When I tell other developers that the backend of Rozuro is written in plain PHP 8.2, with no framework underneath it, the reaction is roughly evenly split. Half think it is a refreshing choice and ask follow-up questions. The other half assume I must be doing something wrong and tactfully change the subject. Both reactions are fine. The choice is unusual enough that it deserves a real explanation.
I have shipped production code on Laravel, Symfony, Slim, CodeIgniter, and a handful of in-house frameworks at various agencies. I am not a framework-hater. They are useful tools for the projects they fit. For Rozuro, the math came out differently.
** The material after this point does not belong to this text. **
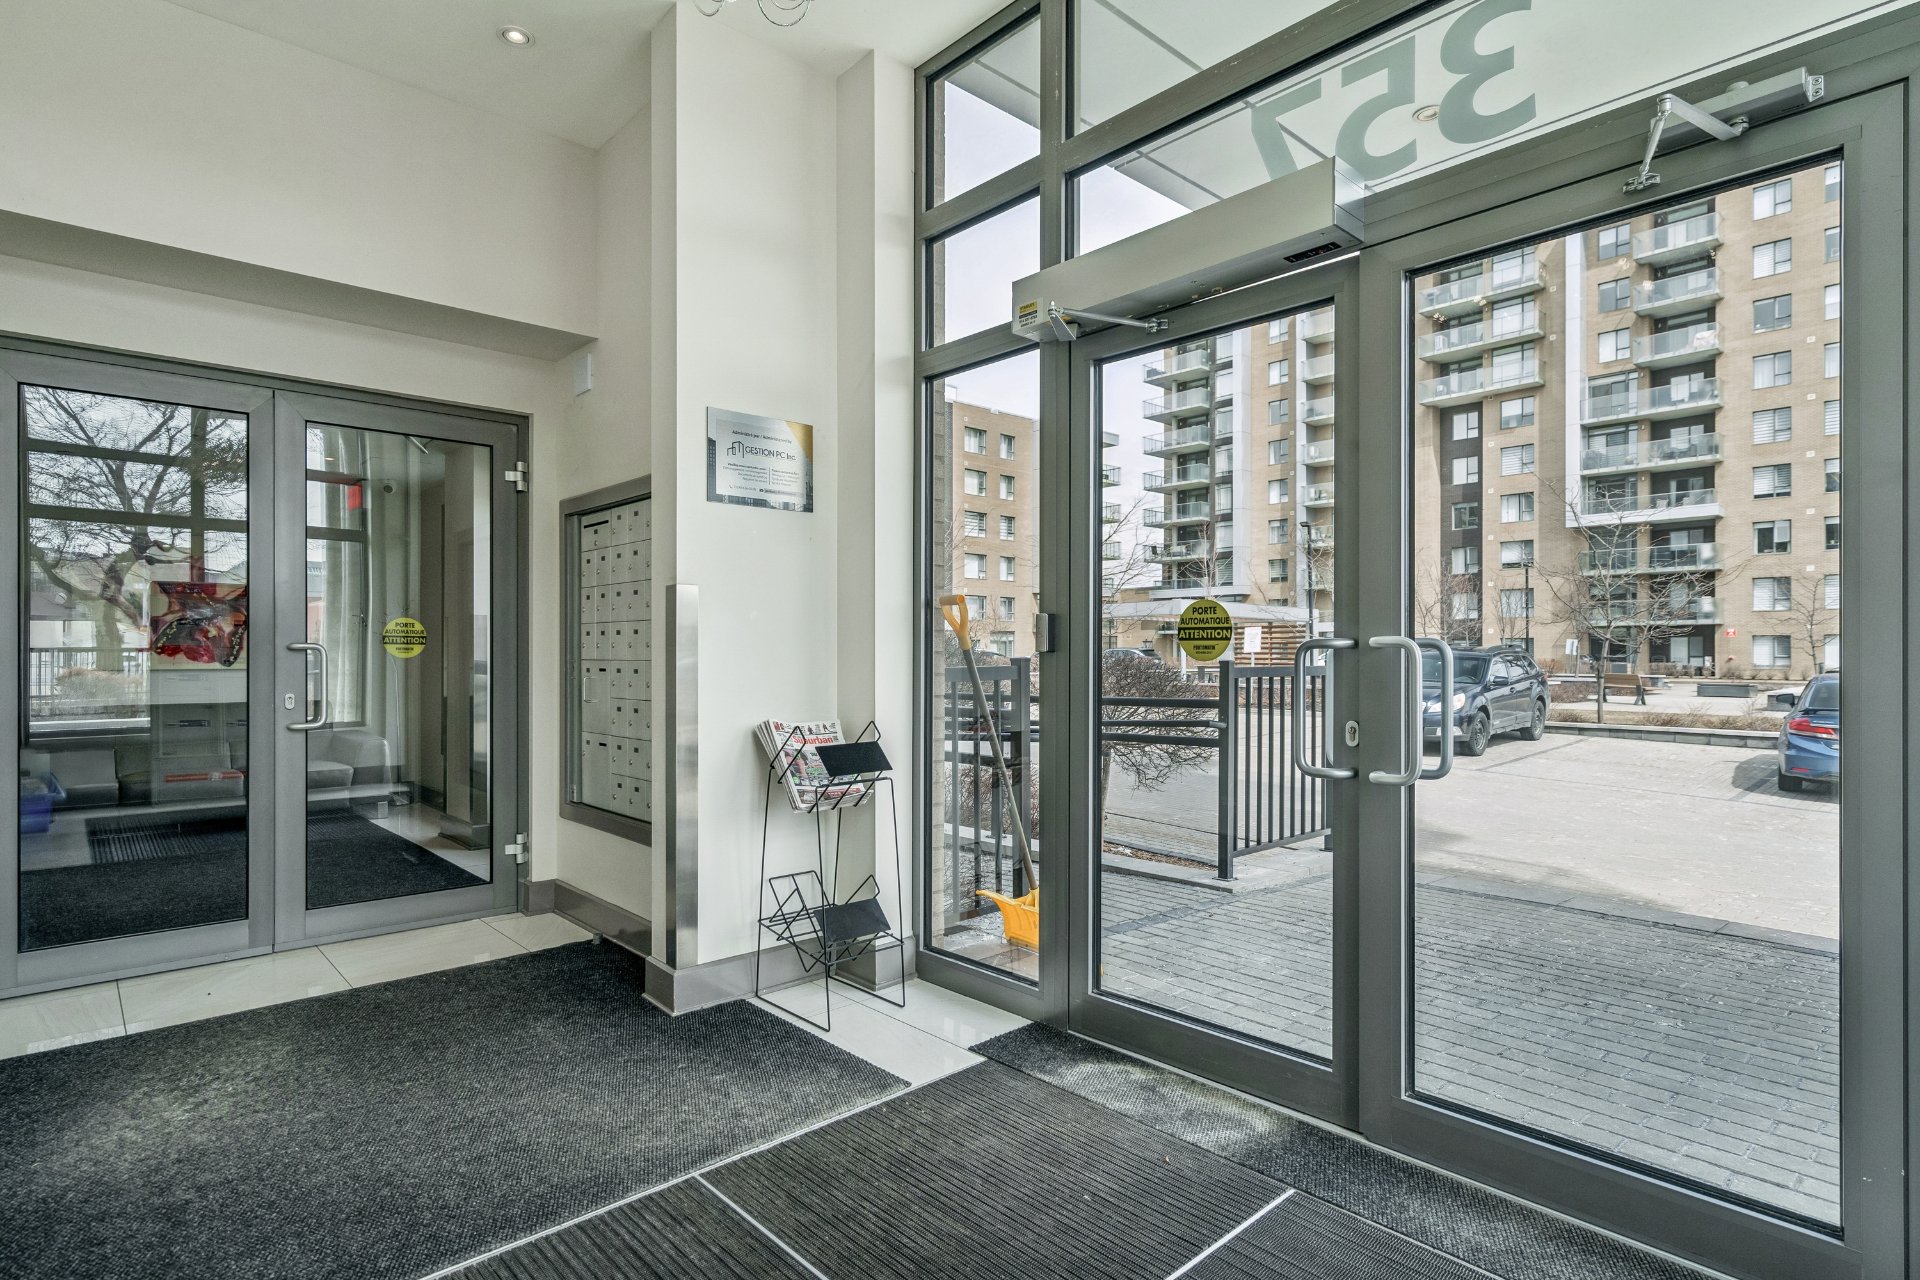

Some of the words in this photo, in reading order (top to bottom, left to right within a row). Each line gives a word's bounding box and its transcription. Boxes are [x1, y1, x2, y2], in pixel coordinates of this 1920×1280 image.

The first thing that pushed me away from a framework was the size of the runtime. Modern PHP frameworks ship with a lot of plumbing. Service containers, event dispatchers, middleware pipelines, ORMs, queue abstractions, plus the documentation that explains how all of that fits together. For a billing system, ninety percent of that plumbing is not what I need. What I need is a request, a router, a database connection, and predictable validation. The remaining ten percent of what a framework offers is the part I would replace within a year because it does not fit my domain anyway. The cost of a framework I am going to fight on the parts that matter to me is higher than the cost of writing those parts myself.
The second reason is upgrade churn. I have watched too many projects spend a quarter migrating from one major framework version to the next, not because the migration delivered any product value, but because the framework moved on and the security patches stopped. With plain PHP I am upgrading my own code only when I want to, and PHP itself is one of the few language runtimes that takes backwards compatibility seriously. The same code I wrote in 8.0 still runs on 8.4 with about three deprecation warnings, all of which are improvements.
The third reason is that a billing system has unusually strict requirements around determinism and audit. I want to know exactly what happens between a POST request landing on my server and a row being committed to the ledger. With a framework that path is long and goes through a lot of magic. With plain PHP it is a function that takes a request, validates it, opens a transaction, writes the ledger lines, and commits. I can read it top to bottom in fifteen minutes. When something goes wrong in production, that fifteen minutes is exactly the thing I want to be able to do.
The honest counter-arguments. I am writing my own validation layer instead of using the framework’s, which means I have to think about edge cases somebody else has already thought about. Authentication and session handling I built from scratch on top of PHP’s session library, which is fine, but means I do not get the framework’s hardening for free. Migrations are a hand-rolled SQL script with idempotent CREATE statements rather than a framework migration tool. Each of those is more work than reaching for the framework version.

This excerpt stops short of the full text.